◆ **Study material**:
*** Begin section ***

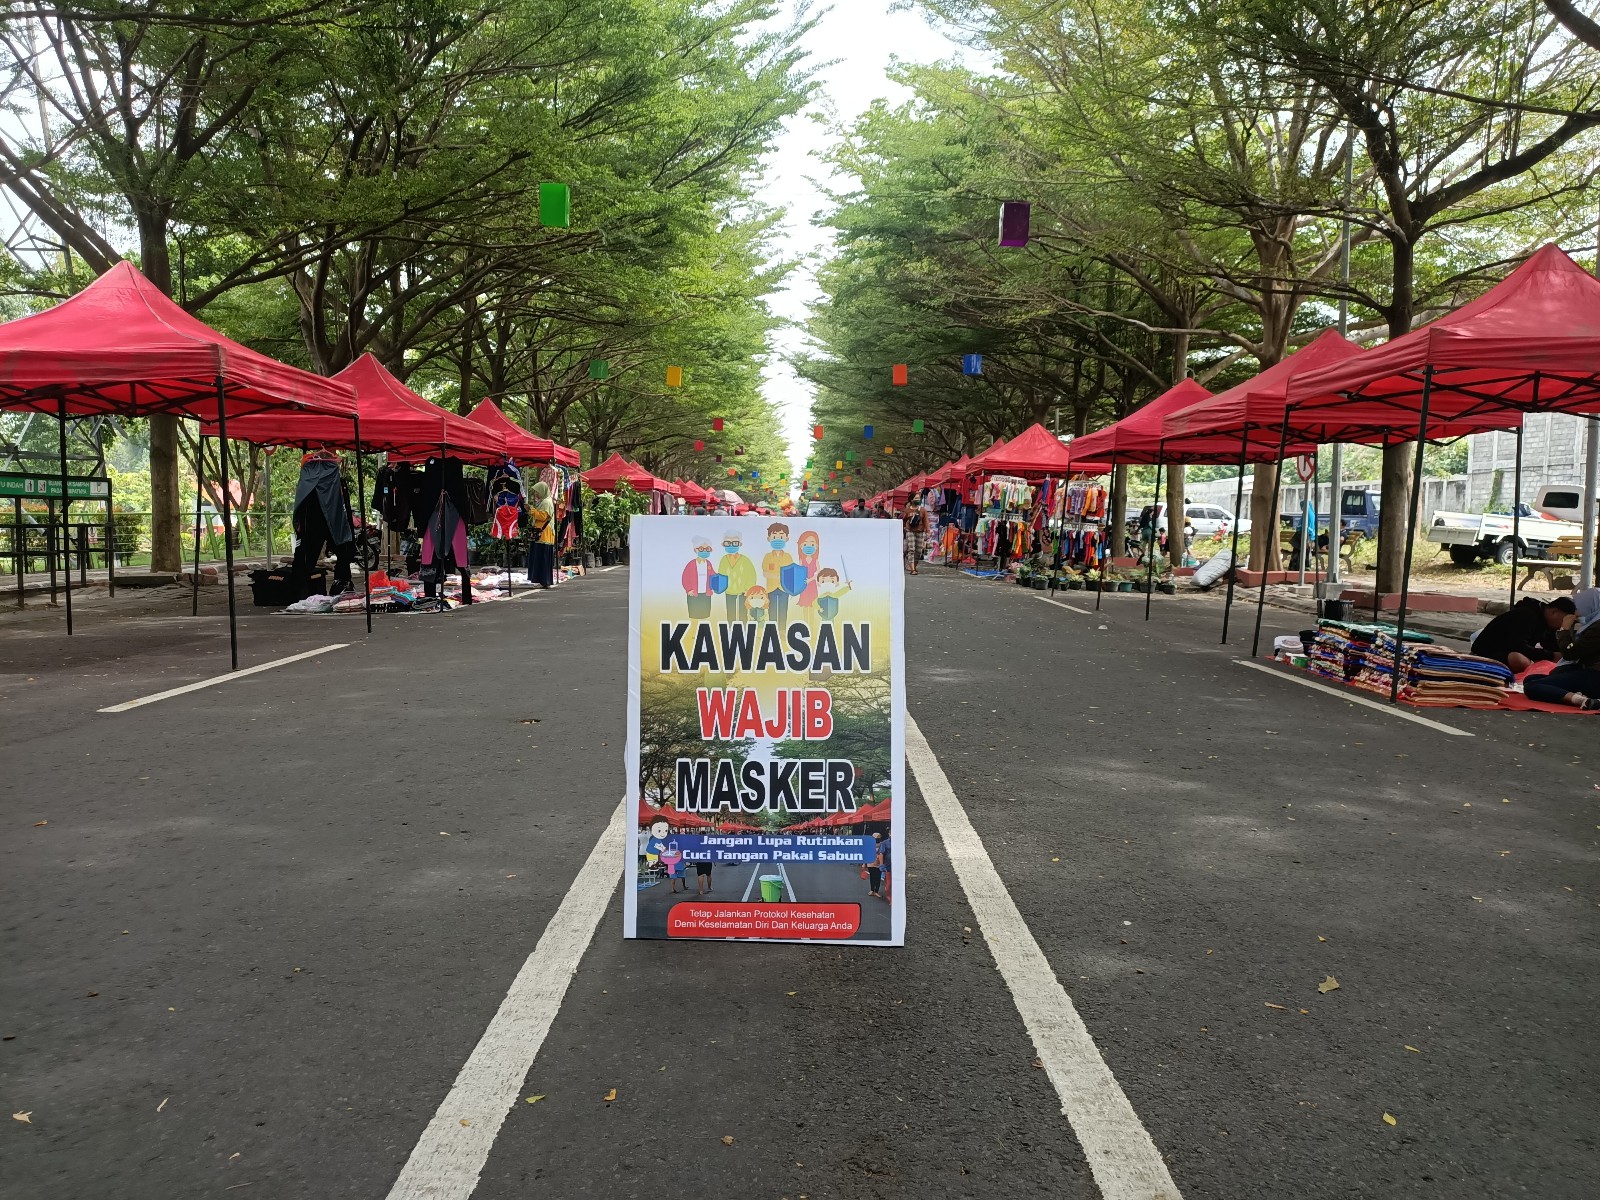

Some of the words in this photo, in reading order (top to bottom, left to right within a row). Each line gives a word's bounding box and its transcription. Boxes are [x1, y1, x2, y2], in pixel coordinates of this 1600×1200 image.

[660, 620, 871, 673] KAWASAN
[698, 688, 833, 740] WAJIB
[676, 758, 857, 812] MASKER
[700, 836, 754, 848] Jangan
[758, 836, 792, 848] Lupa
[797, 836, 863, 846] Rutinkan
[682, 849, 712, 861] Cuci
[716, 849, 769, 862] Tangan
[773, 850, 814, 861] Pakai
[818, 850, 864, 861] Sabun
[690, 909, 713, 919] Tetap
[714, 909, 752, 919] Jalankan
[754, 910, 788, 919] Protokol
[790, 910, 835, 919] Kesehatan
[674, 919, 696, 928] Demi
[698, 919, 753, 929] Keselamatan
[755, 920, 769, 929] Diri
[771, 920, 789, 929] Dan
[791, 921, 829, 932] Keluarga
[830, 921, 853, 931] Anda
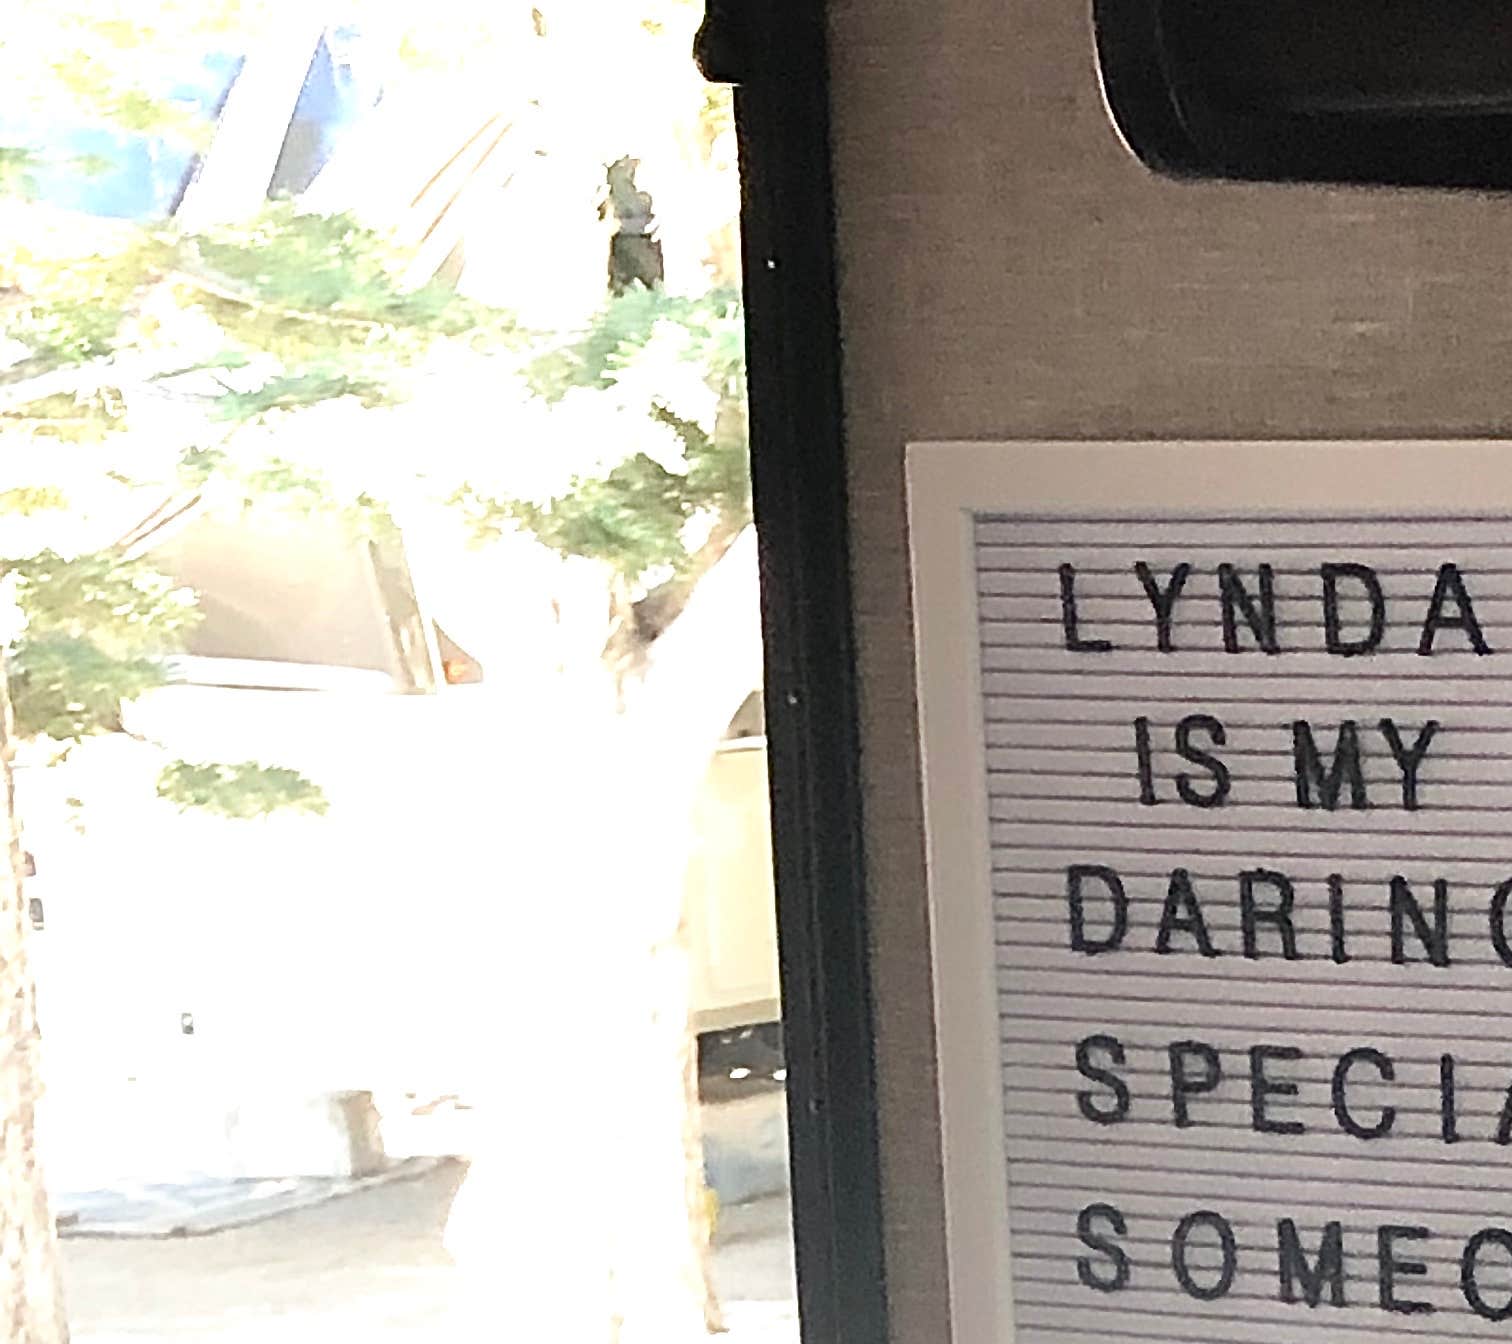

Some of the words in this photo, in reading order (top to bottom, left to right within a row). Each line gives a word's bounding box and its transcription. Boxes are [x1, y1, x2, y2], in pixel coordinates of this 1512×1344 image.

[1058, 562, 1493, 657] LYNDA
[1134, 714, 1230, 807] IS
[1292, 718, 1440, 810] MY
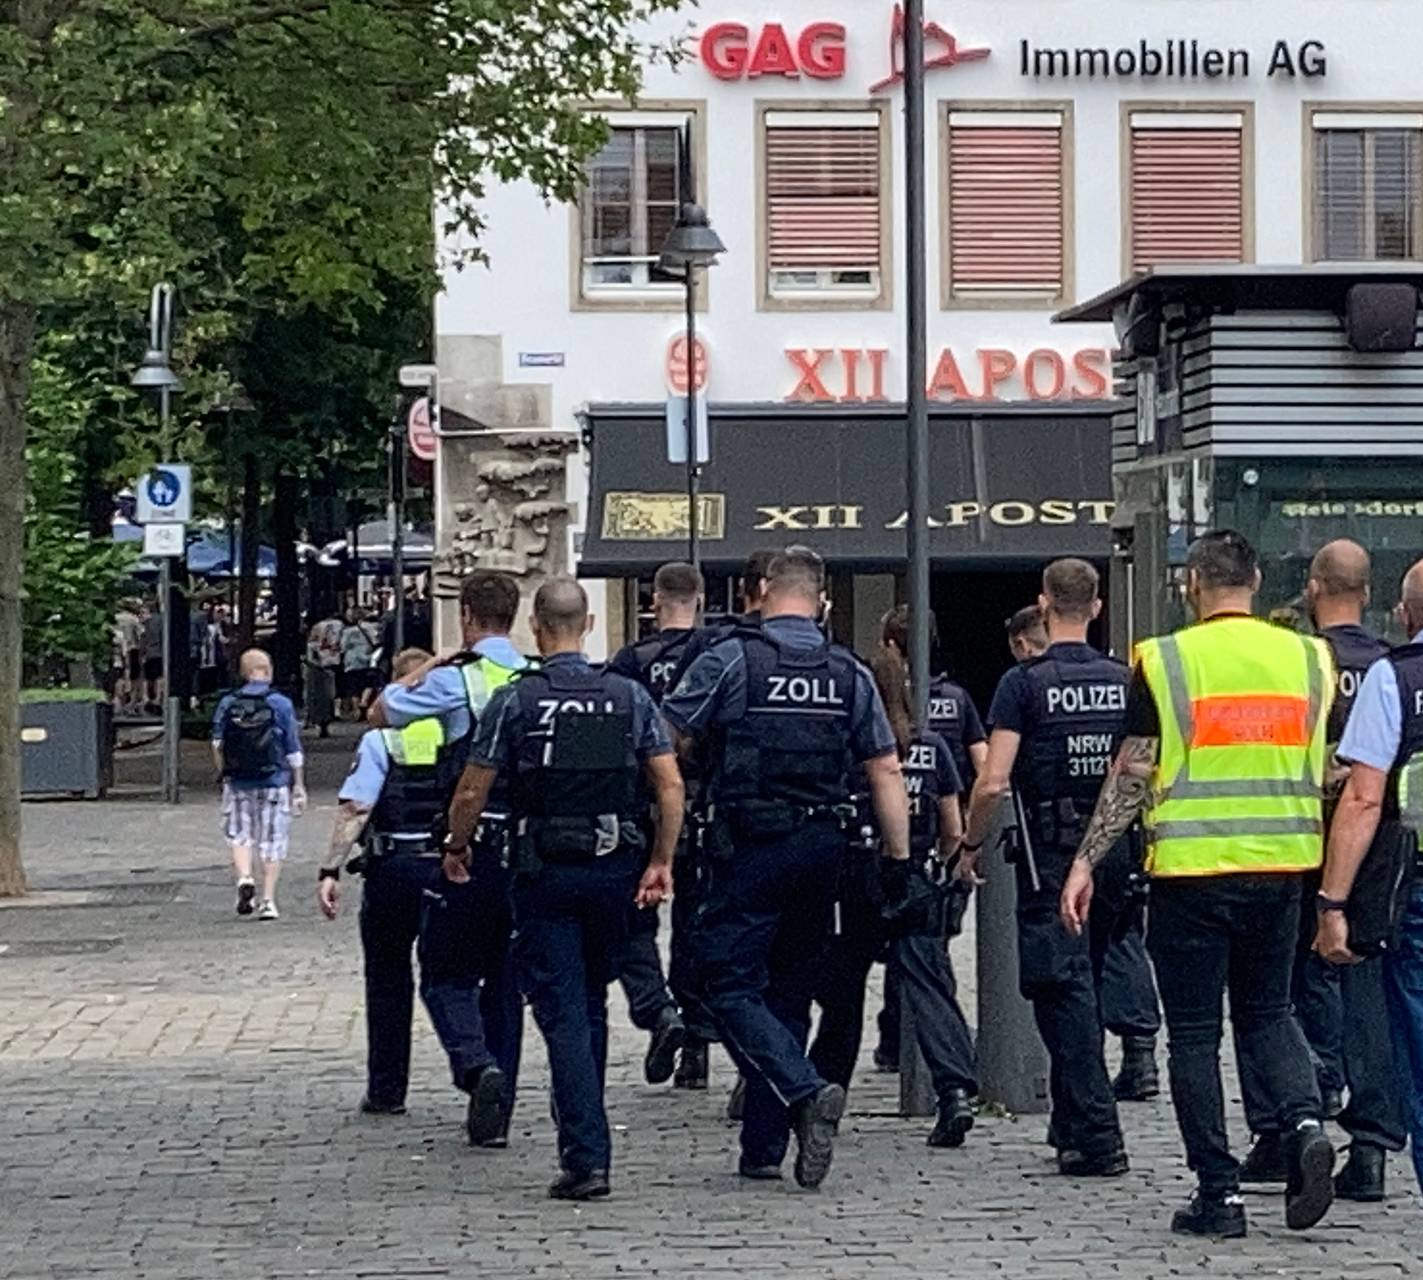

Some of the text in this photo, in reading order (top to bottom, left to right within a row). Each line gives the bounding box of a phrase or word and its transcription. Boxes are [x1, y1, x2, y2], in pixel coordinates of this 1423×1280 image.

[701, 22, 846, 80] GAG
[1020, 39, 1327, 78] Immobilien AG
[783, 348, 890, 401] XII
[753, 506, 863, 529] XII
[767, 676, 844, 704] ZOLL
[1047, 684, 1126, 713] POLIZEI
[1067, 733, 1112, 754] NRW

*** End section ***

◆ **Exercise description**:
Every record must be copied exactly, with the pictures left out.

◆ **Written solution**:
Some of the words in this photo, in reading order (top to bottom, left to right within a row). Each line gives a word's bounding box and its transcription. Boxes are [x1, y1, x2, y2], in pixel coordinates of this 1600×1200 image.

[660, 620, 871, 673] KAWASAN
[698, 688, 833, 740] WAJIB
[676, 758, 857, 812] MASKER
[700, 836, 754, 848] Jangan
[758, 836, 792, 848] Lupa
[797, 836, 863, 846] Rutinkan
[682, 849, 712, 861] Cuci
[716, 849, 769, 862] Tangan
[773, 850, 814, 861] Pakai
[818, 850, 864, 861] Sabun
[690, 909, 713, 919] Tetap
[714, 909, 752, 919] Jalankan
[754, 910, 788, 919] Protokol
[790, 910, 835, 919] Kesehatan
[674, 919, 696, 928] Demi
[698, 919, 753, 929] Keselamatan
[755, 920, 769, 929] Diri
[771, 920, 789, 929] Dan
[791, 921, 829, 932] Keluarga
[830, 921, 853, 931] Anda

Some of the words in this photo, in reading order (top to bottom, left to right within a row). Each line gives a word's bounding box and its transcription. Boxes are [x1, y1, x2, y2], in pixel coordinates of this 1512×1344 image.

[1058, 562, 1493, 657] LYNDA
[1134, 714, 1230, 807] IS
[1292, 718, 1440, 810] MY

Some of the text in this photo, in reading order (top to bottom, left to right within a row). Each line gives the bounding box of a phrase or word and its transcription. Boxes are [x1, y1, x2, y2], in pixel coordinates of this 1423×1280 image.

[701, 22, 846, 80] GAG
[1020, 39, 1327, 78] Immobilien AG
[783, 348, 890, 401] XII
[753, 506, 863, 529] XII
[767, 676, 844, 704] ZOLL
[1047, 684, 1126, 713] POLIZEI
[1067, 733, 1112, 754] NRW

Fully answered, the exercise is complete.